[Data extract]

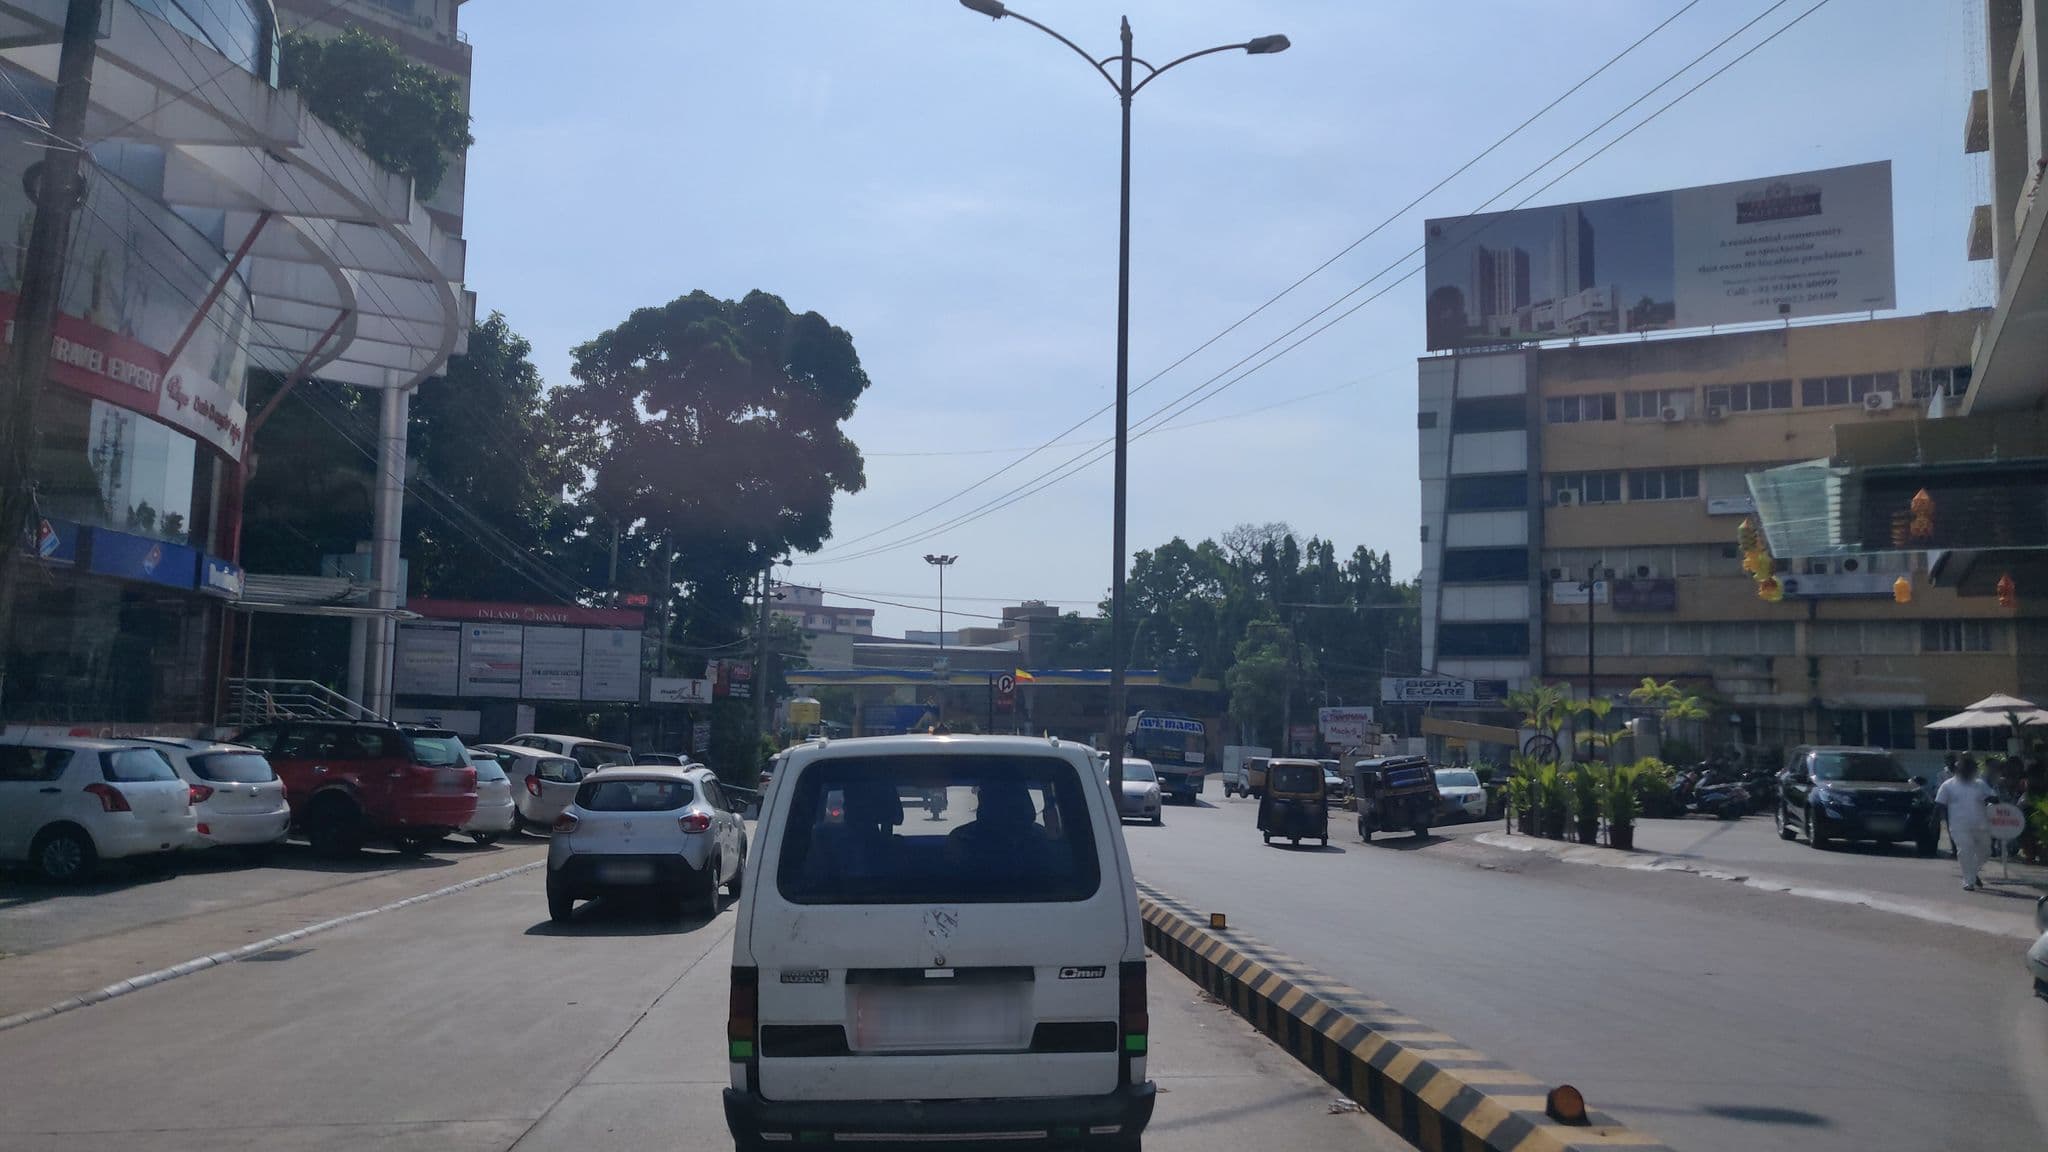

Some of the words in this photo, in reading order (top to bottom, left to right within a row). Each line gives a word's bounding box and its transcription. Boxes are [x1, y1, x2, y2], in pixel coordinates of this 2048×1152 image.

[108, 357, 161, 393] EXPERT
[478, 608, 518, 619] INLAND
[1406, 680, 1465, 688] BIGFIX
[1060, 967, 1104, 978] Omni
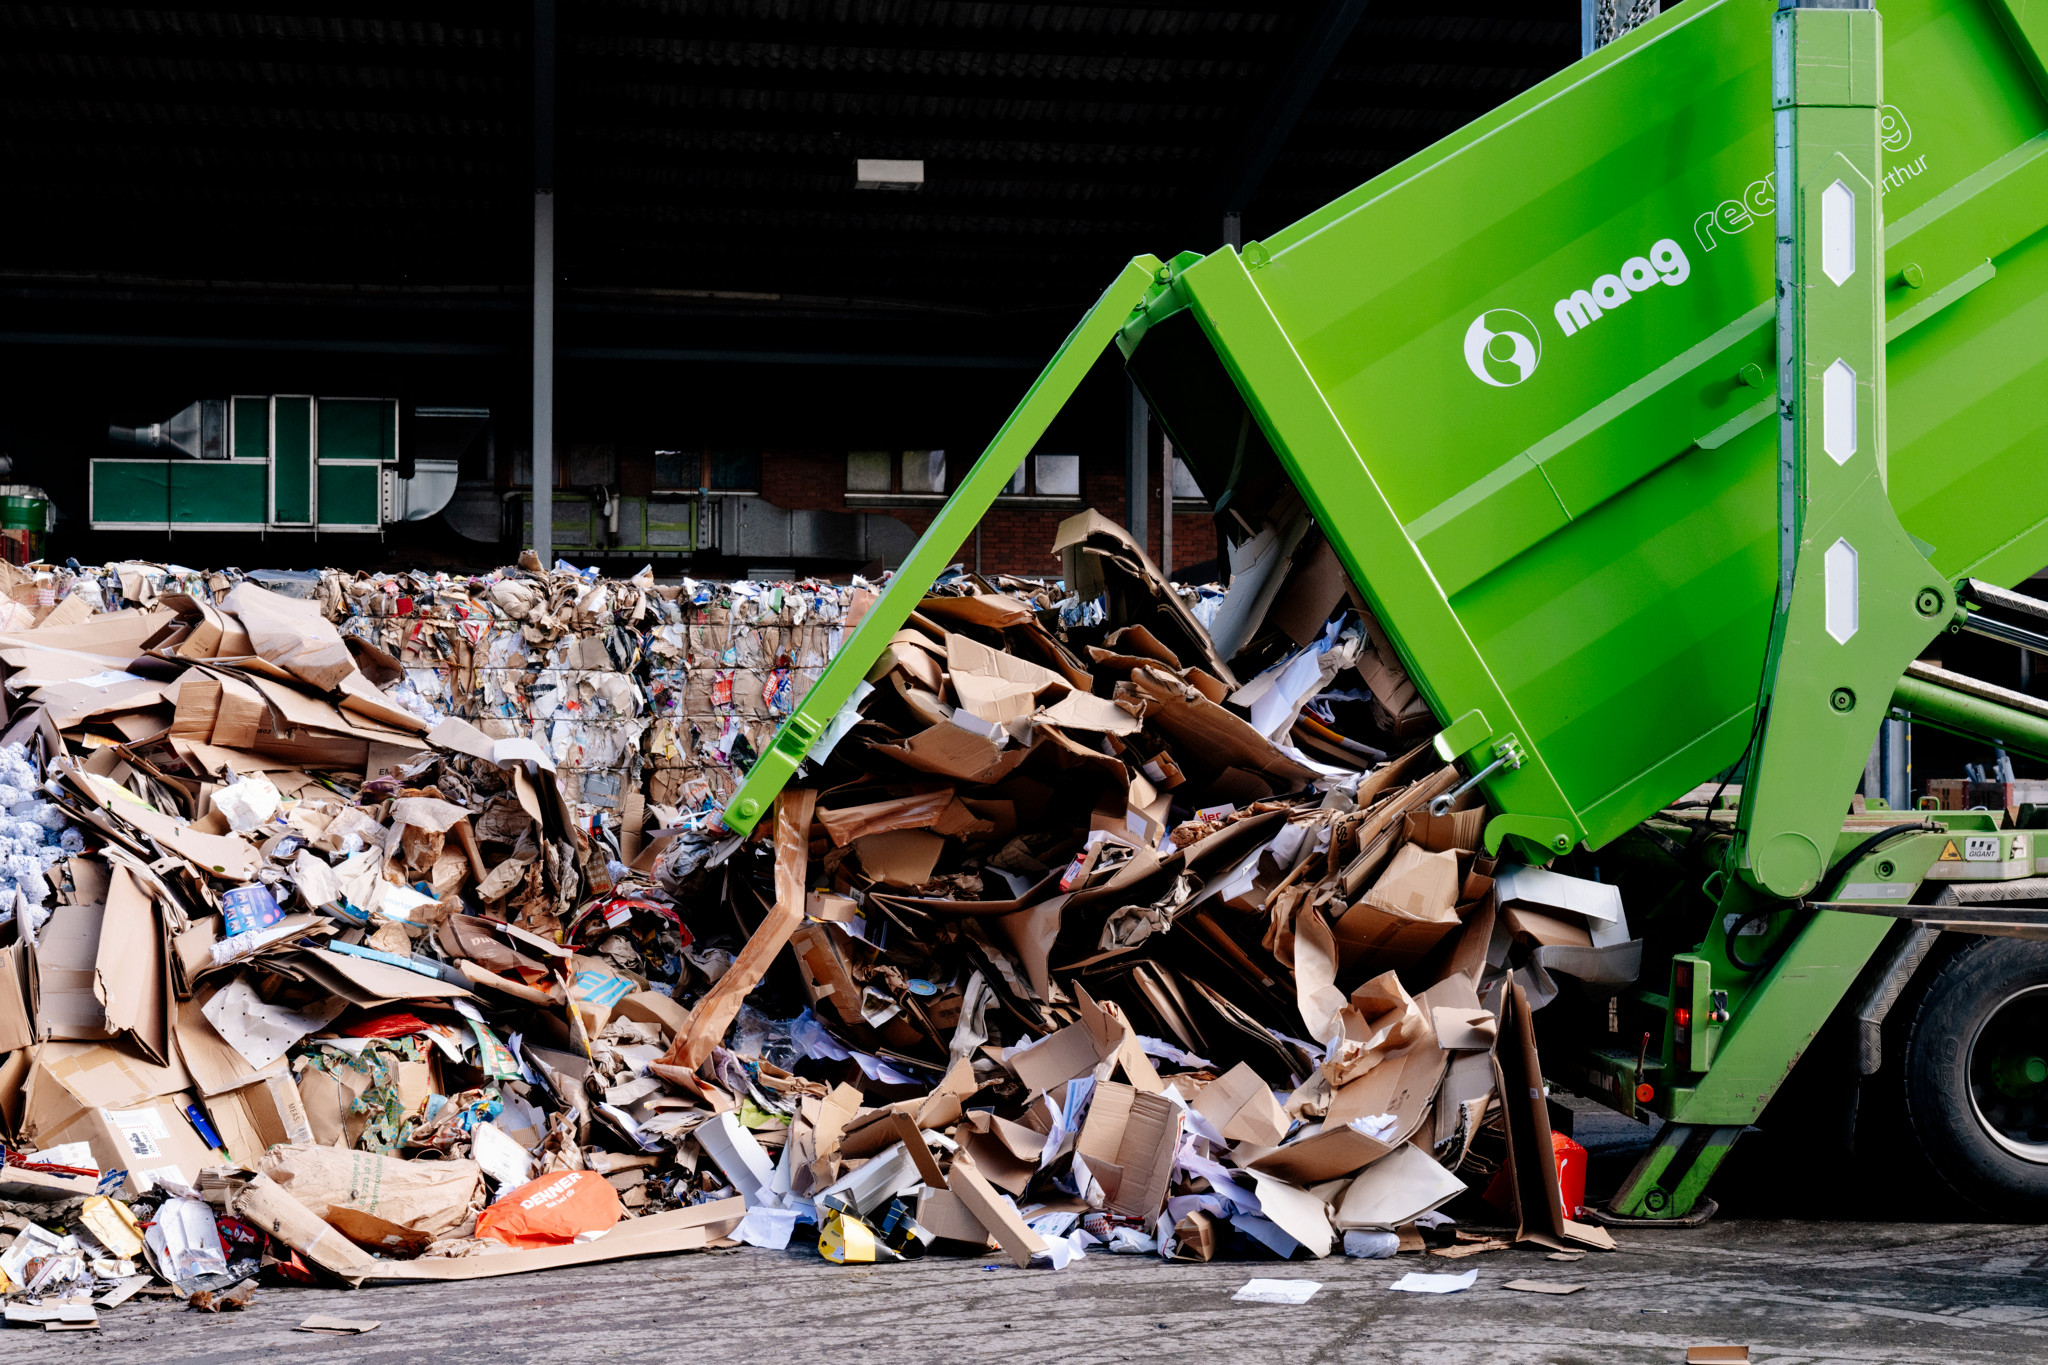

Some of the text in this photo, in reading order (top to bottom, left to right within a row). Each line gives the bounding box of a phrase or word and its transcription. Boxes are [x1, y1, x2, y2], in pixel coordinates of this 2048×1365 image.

[1882, 154, 1928, 195] rthur
[1553, 238, 1691, 337] maag
[519, 1172, 583, 1210] DENNER

[/Data extract]

Problem details:
Copy out the data verbatim, with no pictures.

Response below:
Some of the words in this photo, in reading order (top to bottom, left to right within a row). Each line gives a word's bounding box and its transcription. Boxes are [x1, y1, x2, y2], in pixel coordinates of this 2048×1152 image.

[108, 357, 161, 393] EXPERT
[478, 608, 518, 619] INLAND
[1406, 680, 1465, 688] BIGFIX
[1060, 967, 1104, 978] Omni

Some of the text in this photo, in reading order (top to bottom, left to right within a row). Each line gives the bounding box of a phrase or word and its transcription. Boxes are [x1, y1, x2, y2], in pixel coordinates of this 2048×1365 image.

[1882, 154, 1928, 195] rthur
[1553, 238, 1691, 337] maag
[519, 1172, 583, 1210] DENNER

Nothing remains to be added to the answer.